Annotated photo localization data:
---*---

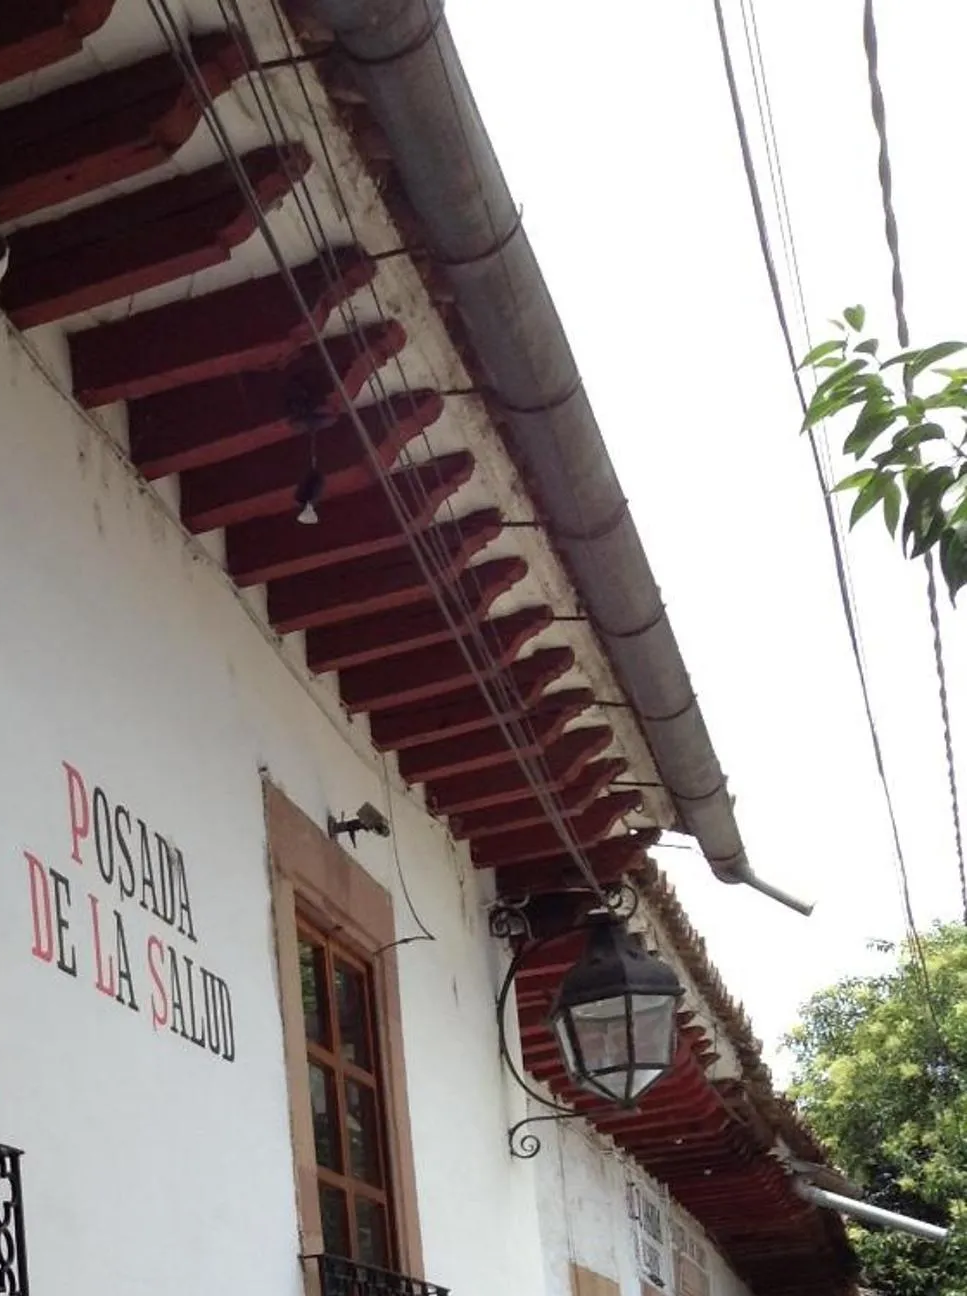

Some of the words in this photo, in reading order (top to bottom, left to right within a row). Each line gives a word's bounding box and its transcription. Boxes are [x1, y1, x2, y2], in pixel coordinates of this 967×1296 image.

[62, 759, 197, 943] POSADA
[23, 851, 77, 978] DE
[88, 893, 139, 1012] LA
[147, 935, 235, 1063] SALUD
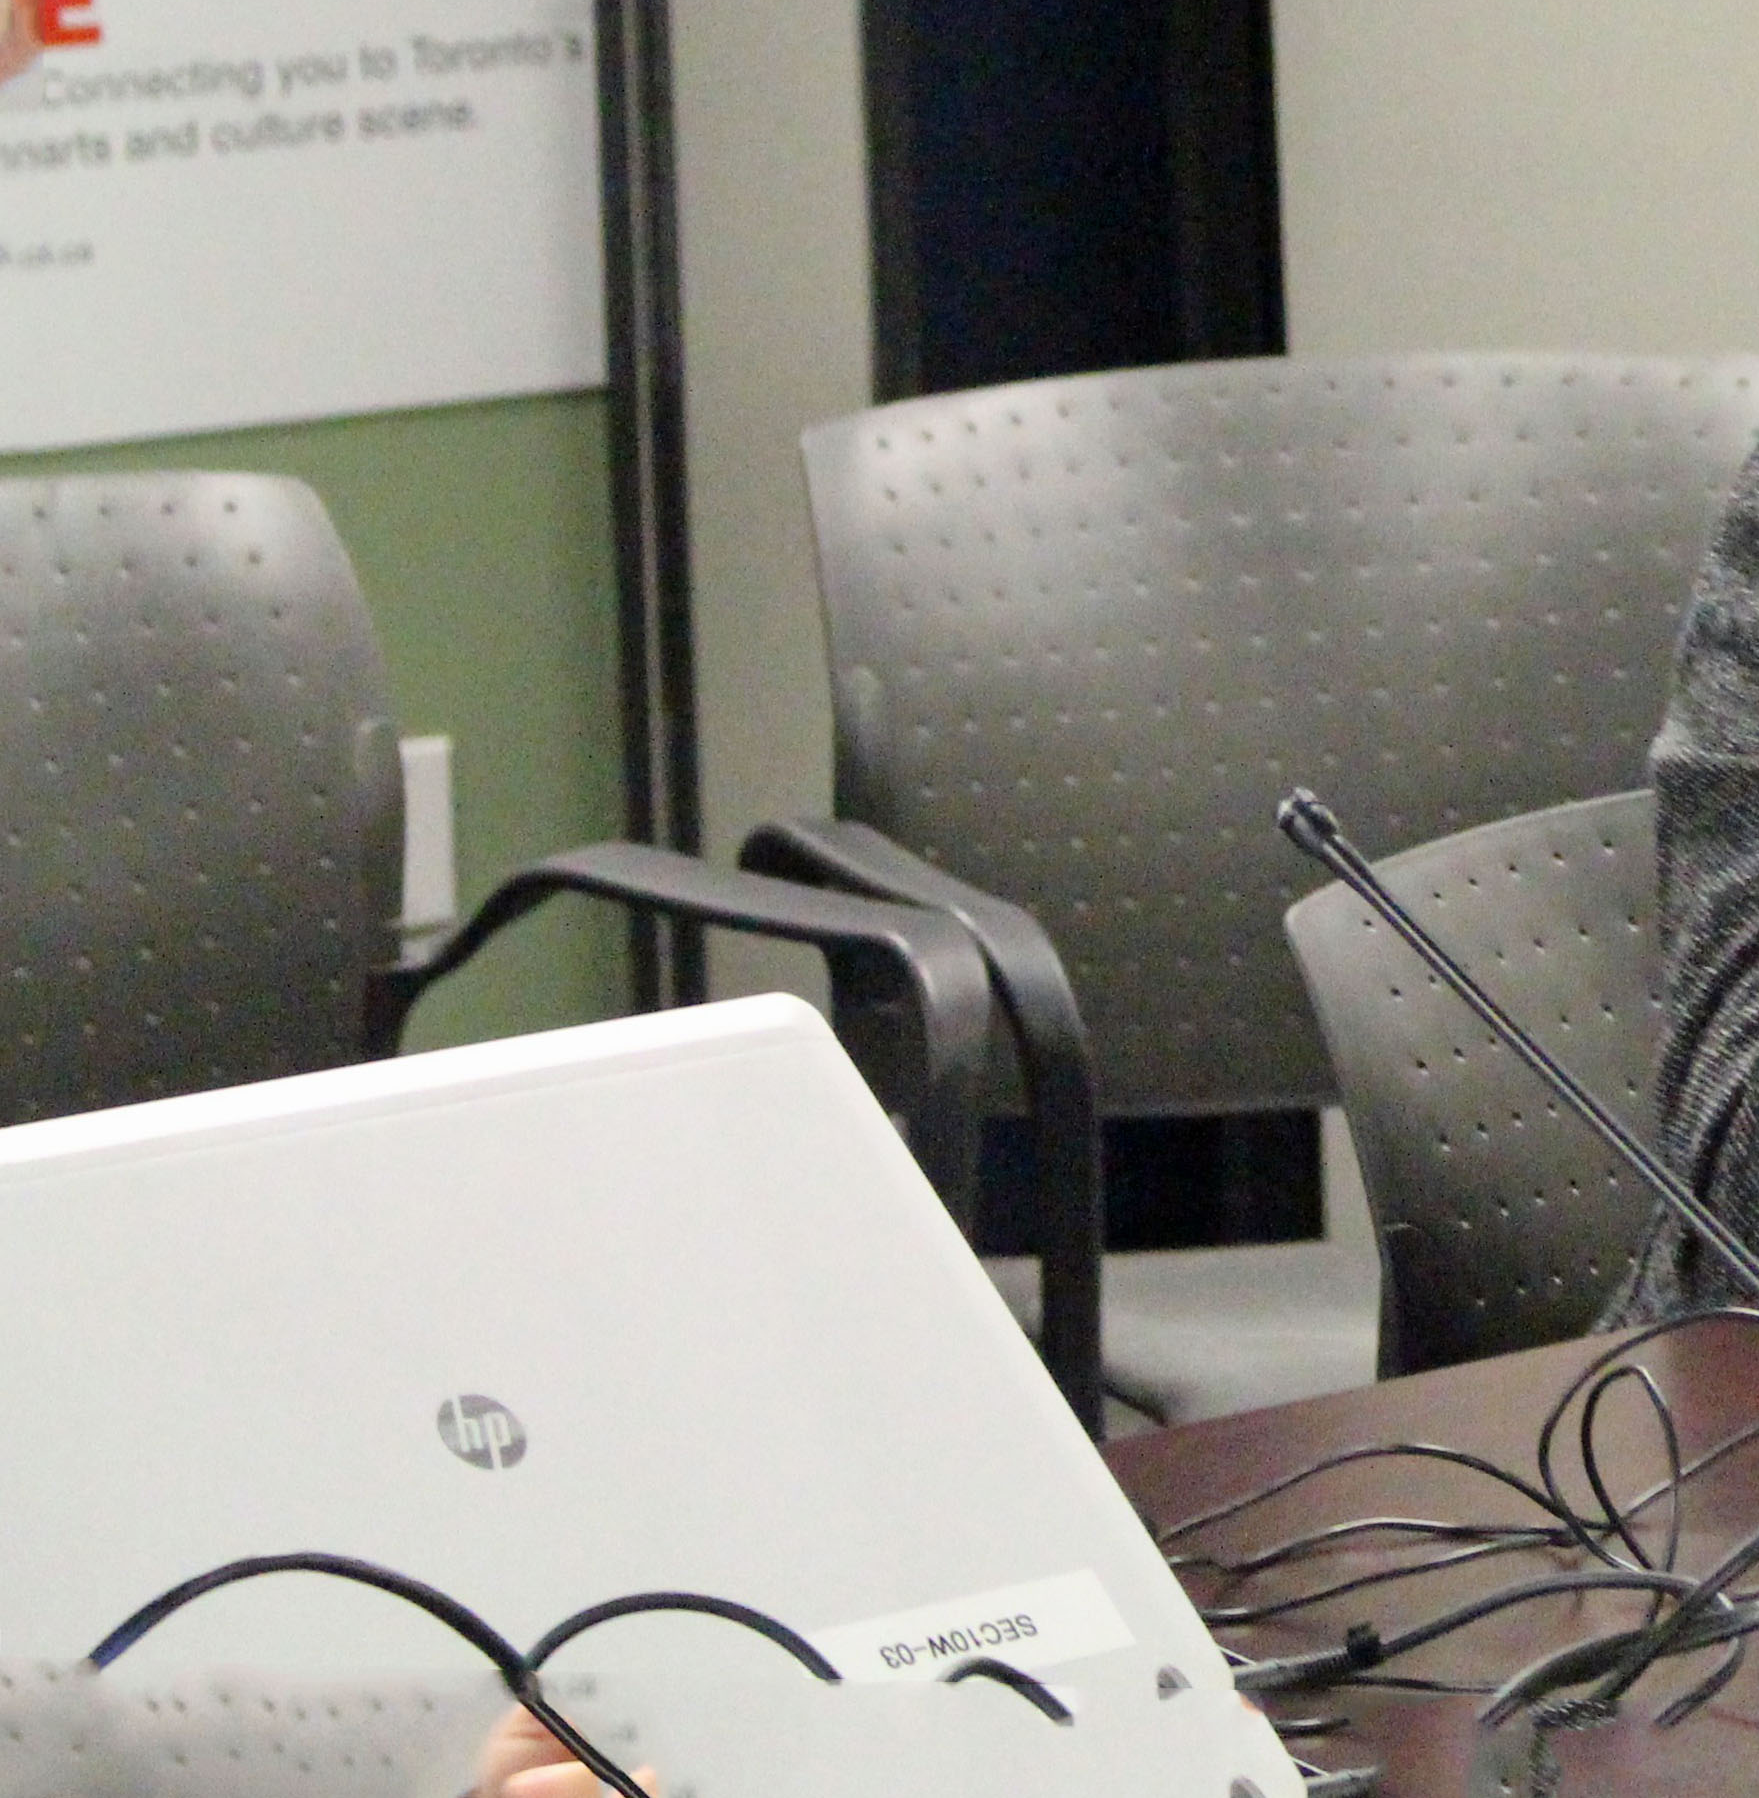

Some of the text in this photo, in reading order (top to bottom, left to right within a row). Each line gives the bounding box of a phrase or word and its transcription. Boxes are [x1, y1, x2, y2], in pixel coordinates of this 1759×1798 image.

[44, 60, 265, 109] Connecting
[275, 52, 349, 96] you
[358, 42, 398, 81] to
[125, 119, 200, 164] and
[209, 111, 346, 154] culture
[450, 1394, 514, 1470] hp
[879, 1614, 1039, 1670] SEC10W-03
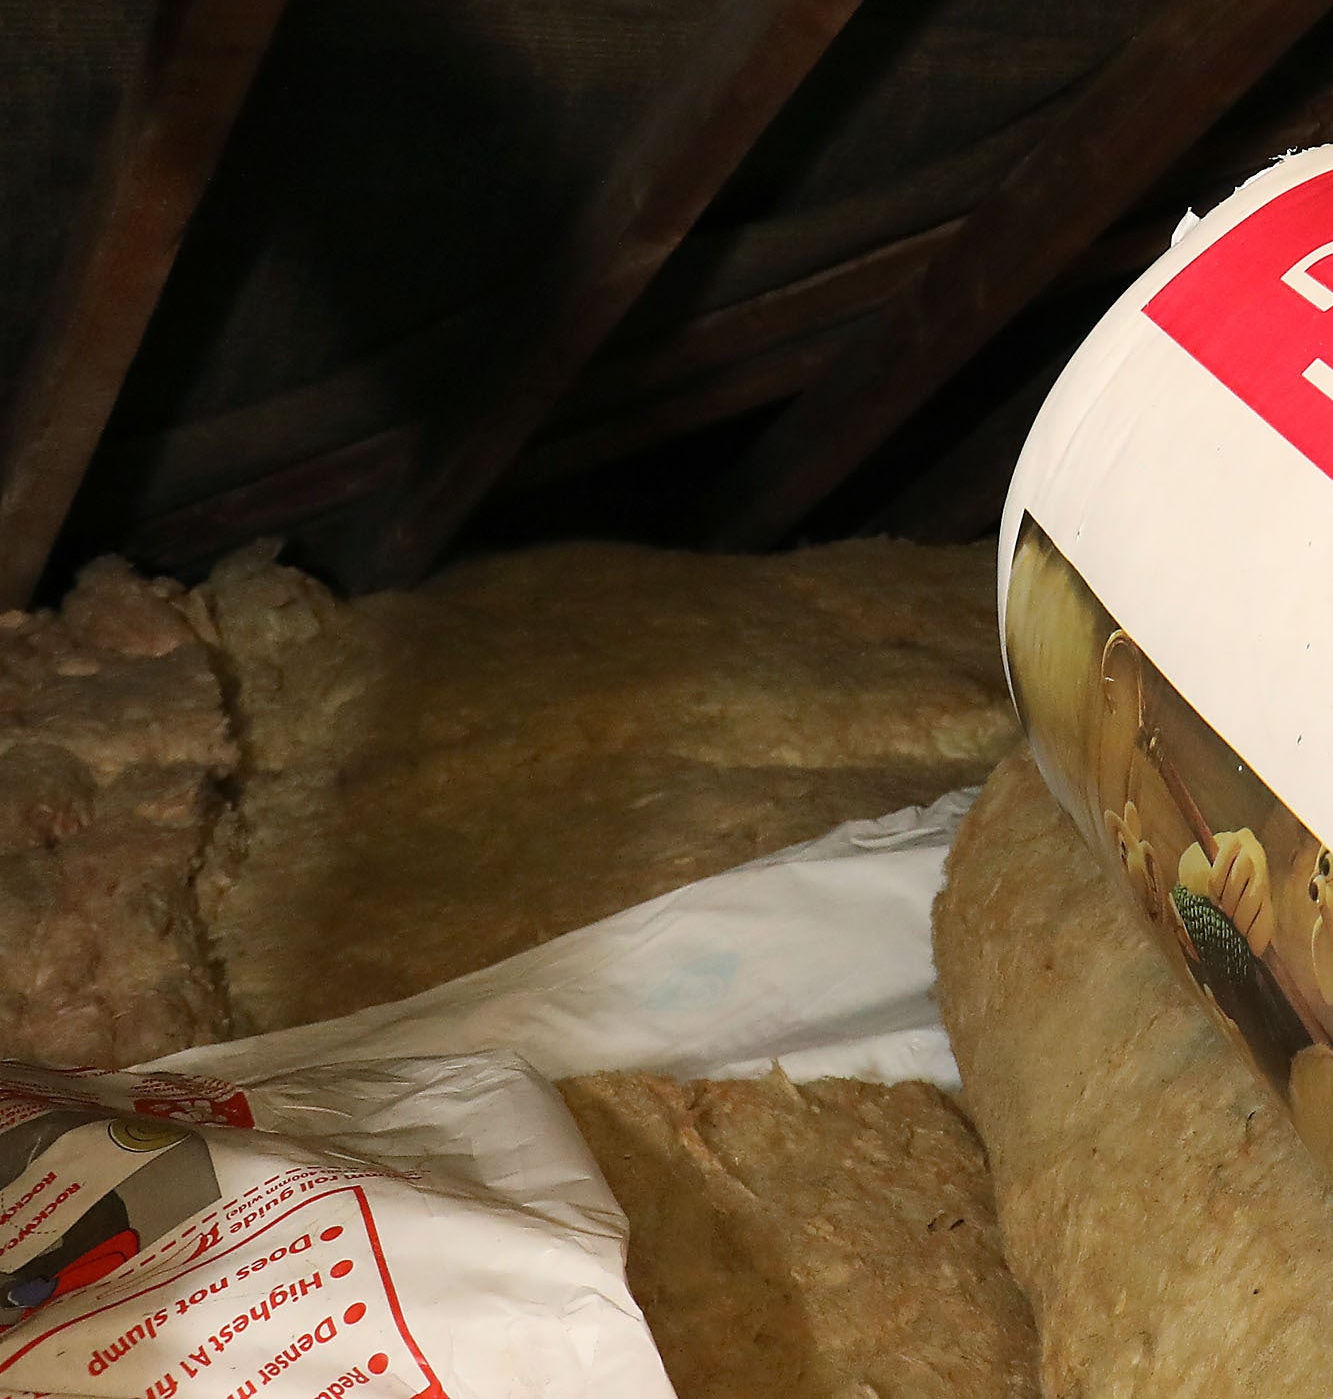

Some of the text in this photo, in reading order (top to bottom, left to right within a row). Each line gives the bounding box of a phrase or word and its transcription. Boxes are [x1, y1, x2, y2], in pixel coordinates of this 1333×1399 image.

[226, 1194, 263, 1221] wide)
[229, 1174, 339, 1234] guide roll
[87, 1233, 313, 1378] Does not slump
[209, 1271, 324, 1356] Highest
[180, 1344, 212, 1379] A1
[257, 1317, 338, 1386] Denser

---*---

▶ **What to work on**
Your task is to repeat the records exactly. Images do not belong in the copy.

▶ **Answer box**
Some of the words in this photo, in reading order (top to bottom, left to right within a row). Each line gives a word's bounding box and its transcription. Boxes are [x1, y1, x2, y2], in pixel coordinates of this 967×1296 image.

[62, 759, 197, 943] POSADA
[23, 851, 77, 978] DE
[88, 893, 139, 1012] LA
[147, 935, 235, 1063] SALUD

Some of the text in this photo, in reading order (top to bottom, left to right within a row). Each line gives the bounding box of a phrase or word and its transcription. Boxes are [x1, y1, x2, y2], in pixel coordinates of this 1759×1798 image.

[44, 60, 265, 109] Connecting
[275, 52, 349, 96] you
[358, 42, 398, 81] to
[125, 119, 200, 164] and
[209, 111, 346, 154] culture
[450, 1394, 514, 1470] hp
[879, 1614, 1039, 1670] SEC10W-03

Some of the text in this photo, in reading order (top to bottom, left to right within a row). Each line gives the bounding box of a phrase or word and its transcription. Boxes are [x1, y1, x2, y2], in pixel coordinates of this 1333×1399 image.

[226, 1194, 263, 1221] wide)
[229, 1174, 339, 1234] guide roll
[87, 1233, 313, 1378] Does not slump
[209, 1271, 324, 1356] Highest
[180, 1344, 212, 1379] A1
[257, 1317, 338, 1386] Denser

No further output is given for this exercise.